CEPII のGravityデータセットは、無料で以下のURLからダウンロードできる。
http://www.cepii.fr/CEPII/en/bdd_modele/bdd_modele_item.asp?id=8
R形式(131MB)、Stata形式(1.4GB)、csv形式(1.25GB)のファイルが提供されているが、ここでは最も軽量なR形式のファイルを用いる。
http://www.cepii.fr/DATA_DOWNLOAD/gravity/data/Gravity_rds_V202211.zip
用いるのは、202211版のファイルである。
このファイルをダウンロードして解凍し、Gravity.rdsを読み込む。
# Load the dataset
library(rio)
cepii0 <- import("../Data_raw/Gravity_V202211.rds")
names(cepii0)
## [1] "year" "country_id_o" "country_id_d"
## [4] "iso3_o" "iso3_d" "iso3num_o"
## [7] "iso3num_d" "country_exists_o" "country_exists_d"
## [10] "gmt_offset_2020_o" "gmt_offset_2020_d" "distw_harmonic"

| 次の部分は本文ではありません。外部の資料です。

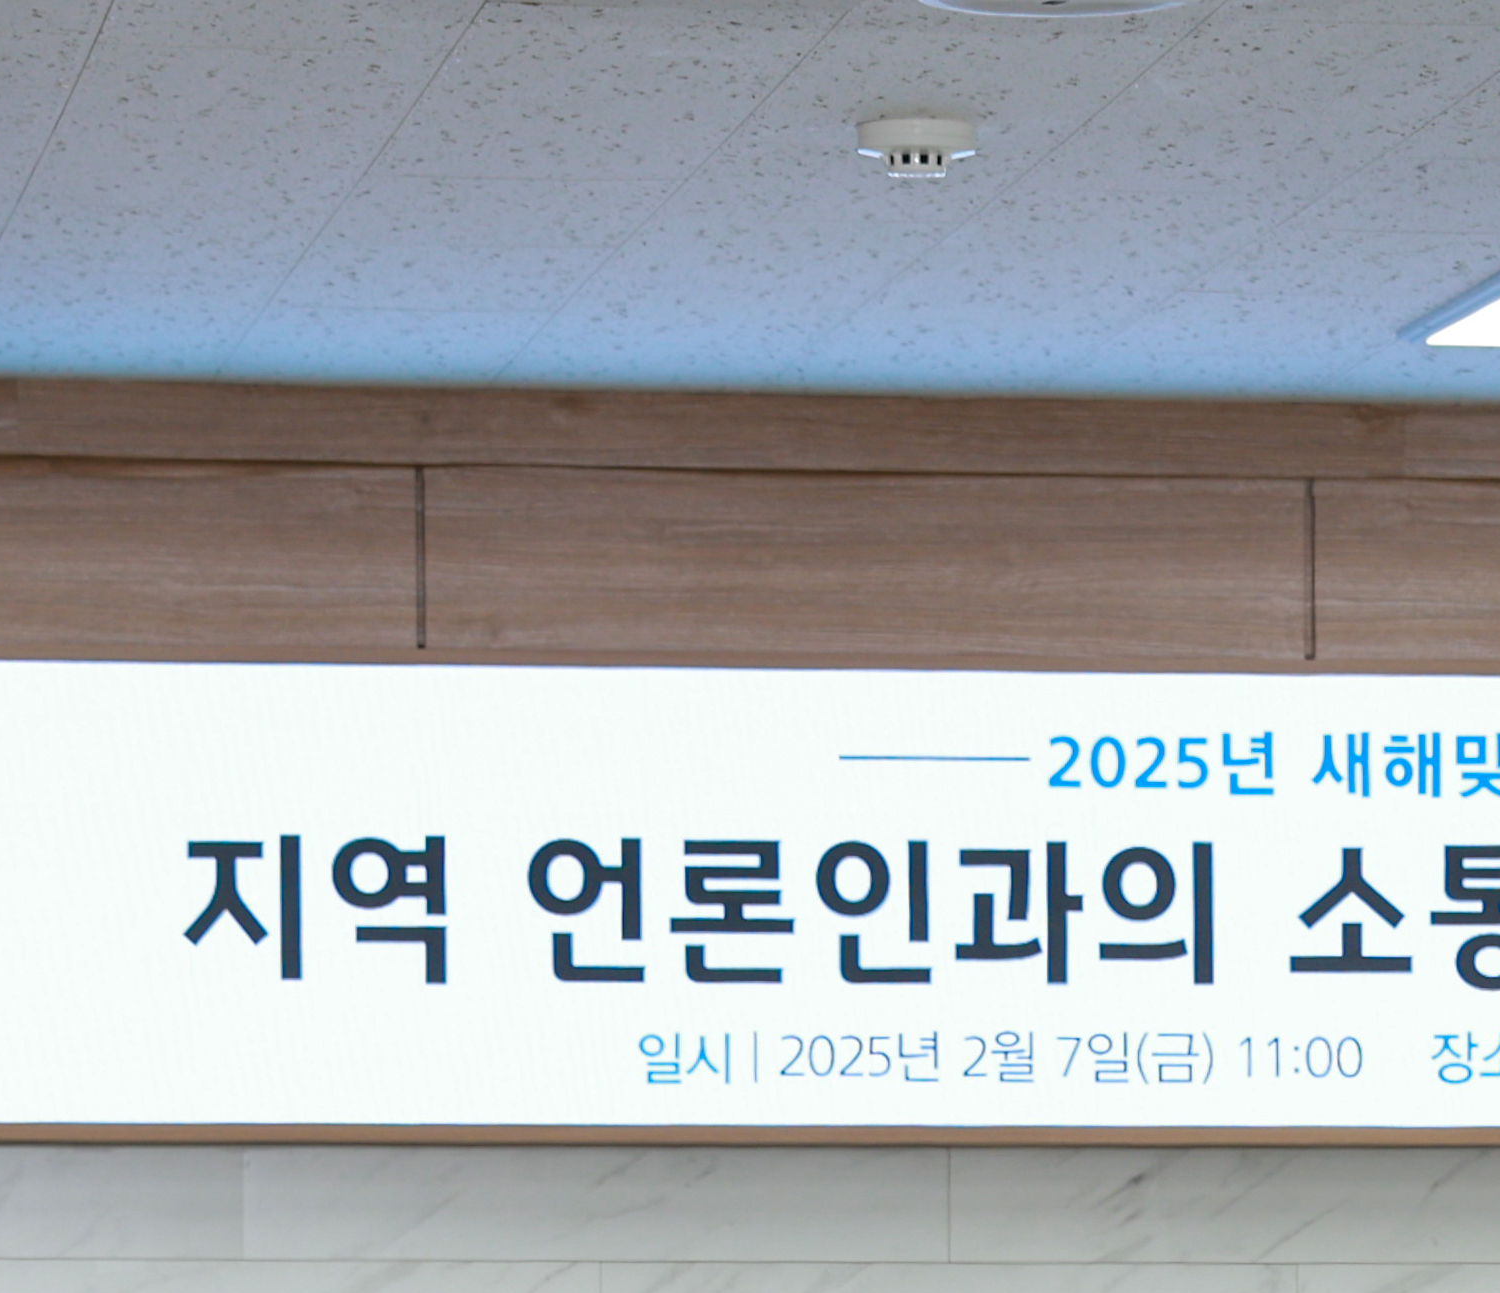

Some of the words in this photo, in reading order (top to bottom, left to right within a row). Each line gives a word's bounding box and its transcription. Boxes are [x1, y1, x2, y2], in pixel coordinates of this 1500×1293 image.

## [13] "distw_arithmetic" "distw_harmonic_jh" "distw_arithmetic_jh"
## [16] "dist" "main_city_source_o" "main_city_source_d"
## [19] "distcap" "contig" "diplo_disagreement"
## [22] "scaled_sci_2021" "comlang_off" "comlang_ethno"
## [25] "comcol" "col45" "legal_old_o"
## [28] "legal_old_d" "legal_new_o" "legal_new_d"
## [31] "comleg_pretrans" "comleg_posttrans" "transition_legalchange"
## [34] "comrelig" "heg_o" "heg_d"
## [37] "col_dep_ever" "col_dep" "col_dep_end_year"
## [40] "col_dep_end_conflict" "empire" "sibling_ever"
## [43] "sibling" "sever_year" "sib_conflict"
## [46] "pop_o" "pop_d" "gdp_o"
## [49] "gdp_d" "gdpcap_o" "gdpcap_d"
## [52] "pop_source_o" "pop_source_d" "gdp_source_o"
## [55] "gdp_source_d" "gdp_ppp_o" "gdp_ppp_d"
## [58] "gdpcap_ppp_o" "gdpcap_ppp_d" "pop_pwt_o"
## [61] "pop_pwt_d" "gdp_ppp_pwt_o" "gdp_ppp_pwt_d"
## [64] "gatt_o" "gatt_d" "wto_o"
## [67] "wto_d" "eu_o" "eu_d"
## [70] "fta_wto" "fta_wto_raw" "rta_coverage"
## [73] "rta_type" "entry_cost_o" "entry_cost_d"
## [76] "entry_proc_o" "entry_proc_d" "entry_time_o"
## [79] "entry_time_d" "entry_tp_o" "entry_tp_d"
## [82] "tradeflow_comtrade_o" "tradeflow_comtrade_d" "tradeflow_baci"
## [85] "manuf_tradeflow_baci" "tradeflow_imf_o" "tradeflow_imf_d"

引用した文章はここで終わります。